NASA Climate Comic Books Make McCain's "America's Most Wasted" List – UPDATE
Senator John McCain (R-AZ) issued a new “America’s Most Wasted: Runaway Spending” list today presenting what he considers prime examples of wasted taxpayer resources. A NASA project to help explain climate through comic books is one of the examples on the list.
This is McCain’s fourth report “exposing and shaming wasteful and outrageous government spending” as he calls it. The first identified $1.1 billion spent on programs that were no longer authorized by Congress. The next two focused on DOD activities. This one looks broadly at government spending and categorizes $27 billion as “pork-barrel projects” that waste taxpayer resources.
The 51 projects on McCain’s list span everything from a study on how children cross the street to mismanaged Federal Emergency Management Agency (FEMA) grants to a DOD warehouse in Afghanistan that was never used.
The $12,000 NASA spent on climate comic books is 35th on the list, though it is not clear how the list is organized. It is not by the amount of money “wasted,” which ranges from $5,000 to study Hello Kitty to $11 billion in Social Security disability overpayments. (The report also includes $99 billion in “job-killing regulatory costs,” but that is not part of the $27 billion McCain uses as wasted taxpayer money apparently because it affects businesses, not individuals.)
The NASA project involved the creation of five comic books by Japanese science cartoonist Hayanon explaining aerosols, clouds, ice, fire, water and monsoons and land, according to McCain’s report, which added “$12,000 may not be a seem like [sic] significant amount of money when compared to NASA’s overall budget,” but “has little to do with reaching NASA’s goal of ‘pushing the boundaries’ of space flight.”

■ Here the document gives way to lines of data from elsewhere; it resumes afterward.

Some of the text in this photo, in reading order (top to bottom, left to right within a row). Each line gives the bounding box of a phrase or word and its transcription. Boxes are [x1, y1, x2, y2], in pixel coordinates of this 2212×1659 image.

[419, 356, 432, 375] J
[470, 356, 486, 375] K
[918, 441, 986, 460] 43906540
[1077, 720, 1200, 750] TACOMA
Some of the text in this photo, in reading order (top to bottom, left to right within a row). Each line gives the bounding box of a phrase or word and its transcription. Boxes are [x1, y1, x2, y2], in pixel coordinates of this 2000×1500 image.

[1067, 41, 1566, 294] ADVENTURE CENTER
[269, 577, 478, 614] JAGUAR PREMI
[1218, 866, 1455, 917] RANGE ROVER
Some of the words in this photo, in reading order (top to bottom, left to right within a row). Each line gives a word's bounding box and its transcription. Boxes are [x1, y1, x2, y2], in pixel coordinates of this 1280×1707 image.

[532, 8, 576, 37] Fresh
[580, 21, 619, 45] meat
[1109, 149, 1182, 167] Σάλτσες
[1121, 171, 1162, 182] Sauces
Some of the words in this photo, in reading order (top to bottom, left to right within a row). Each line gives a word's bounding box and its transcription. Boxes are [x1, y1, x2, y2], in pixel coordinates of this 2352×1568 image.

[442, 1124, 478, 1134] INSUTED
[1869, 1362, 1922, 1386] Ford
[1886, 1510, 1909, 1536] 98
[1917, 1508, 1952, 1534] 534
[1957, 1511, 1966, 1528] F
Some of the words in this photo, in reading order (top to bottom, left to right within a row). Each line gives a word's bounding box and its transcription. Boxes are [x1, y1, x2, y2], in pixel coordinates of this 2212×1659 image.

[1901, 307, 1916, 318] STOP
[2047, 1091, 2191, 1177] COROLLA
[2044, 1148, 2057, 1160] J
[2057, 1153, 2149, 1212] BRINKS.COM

NASA responded in an emailed statement to SpacePolicyOnline.com, noting that one of its core functions is to “provide for the widest practicable and appropriate dissemination of information concerning its activities.” NASA Goddard Space Flight Center News Chief Ed Campion said that the comic book format “is a popular tool used by education and public outreach efforts to interest children in science, technology, engineering and math. These particular comics encourage younger children to understand how NASA is investigating our home planet and inspiring them to study the science of climate and weather.”